Abu made a small inclination of the head that could have meant yes or no. "Well, it was not much of an inconvenience to me," he said. "I had already planned to travel to Britain this year."

I remained silent, listening intently and hoping to learn something. My own interest lay not so much in the reason for Torhild's summons (for it seemed only natural that Abu should be in great demand) but in Abu's reason for responding to it. He was a great and respected wizard; why should he obey the word of this old crone?

"Tell me," the old woman went on, almost as if Abu had not spoken. "Have you ever seen the like of this?"

She produced from a drawer in the table a roll of thick, ancient vellum and passed it to Abu. He took it, unrolled it, and scanned down it, a frown appearing on his face.

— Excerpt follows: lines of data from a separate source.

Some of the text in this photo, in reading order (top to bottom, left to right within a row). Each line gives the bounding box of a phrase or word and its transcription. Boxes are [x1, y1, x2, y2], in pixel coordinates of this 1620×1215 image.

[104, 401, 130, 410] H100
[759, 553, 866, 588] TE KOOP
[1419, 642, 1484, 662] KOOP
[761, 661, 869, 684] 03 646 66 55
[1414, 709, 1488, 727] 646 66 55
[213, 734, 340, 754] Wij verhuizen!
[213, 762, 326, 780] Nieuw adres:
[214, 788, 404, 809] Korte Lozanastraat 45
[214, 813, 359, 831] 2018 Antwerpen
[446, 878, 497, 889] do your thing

"Where did this come from?" he asked at last.

"It was found not far from here," she replied. "In the house of a wizard even older than I. He is dead now, and some of the local petty witches and wizards – common folk, with little skill and no training – would have taken the contents of his house for their own. When I realised what the contents had among them, I collected them myself. Such things should not be handled by the ignorant. But tell me what you think of it." She fixed Abu with a piercing look from her blue eyes, an almost eager expression on her face.

"What is there to think? It is very old – and alone, does not seem of much significance. An account of a legend, nothing more. Unless you have something else to show me."

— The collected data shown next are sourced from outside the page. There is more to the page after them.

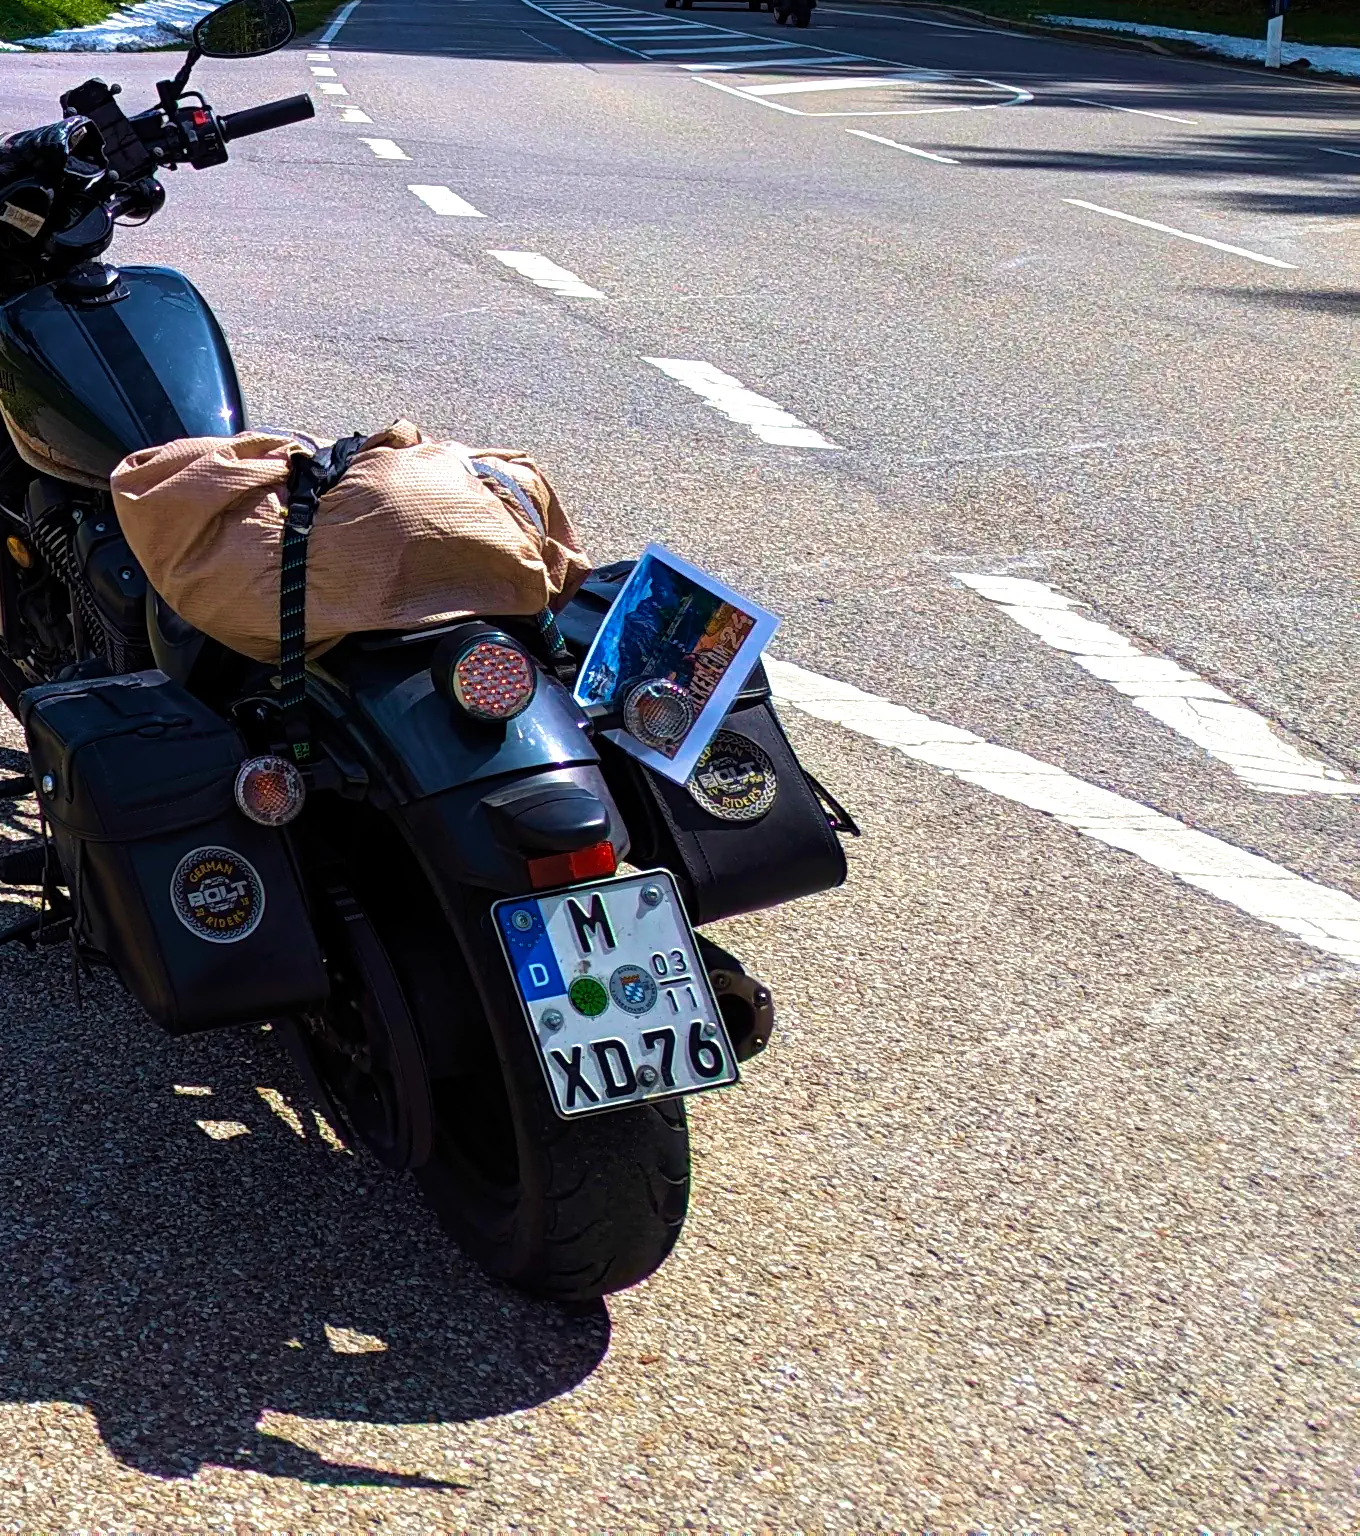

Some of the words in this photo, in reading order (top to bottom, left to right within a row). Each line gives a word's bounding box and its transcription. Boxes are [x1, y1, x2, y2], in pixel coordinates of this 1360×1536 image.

[721, 787, 762, 809] RIDERS
[189, 861, 233, 882] GERMAN
[187, 880, 248, 908] BOLT
[205, 909, 246, 928] RIDERS
[566, 893, 616, 953] M
[528, 963, 550, 988] D
[652, 950, 687, 976] 03
[666, 987, 699, 1013] 11
[549, 1037, 639, 1108] XD
[641, 1021, 725, 1087] 76

I thought I saw a smile cross Torhild's face, but it was so fleeting I might have imagined it.

"Potioneers. Always such cautious people," she said. "There is more. Here." This time she handed him a much newer-looking parchment. "This is a translation," she went on. "The original has been in my possession for a very long time, but it is in Norse, and I do not think you understand that."

Abu did not reply, but read in silence. When he had finished, he looked up at her.

"Why are you showing me this? What does it have to do with me?"

Torhild took a step forwards so that she was standing very close to Abu, directly in front of him. She barely came to his chest, but there was something about her that spoke of a powerful magic, and I would not have wanted her so close to me. Abu did not flinch or move backwards.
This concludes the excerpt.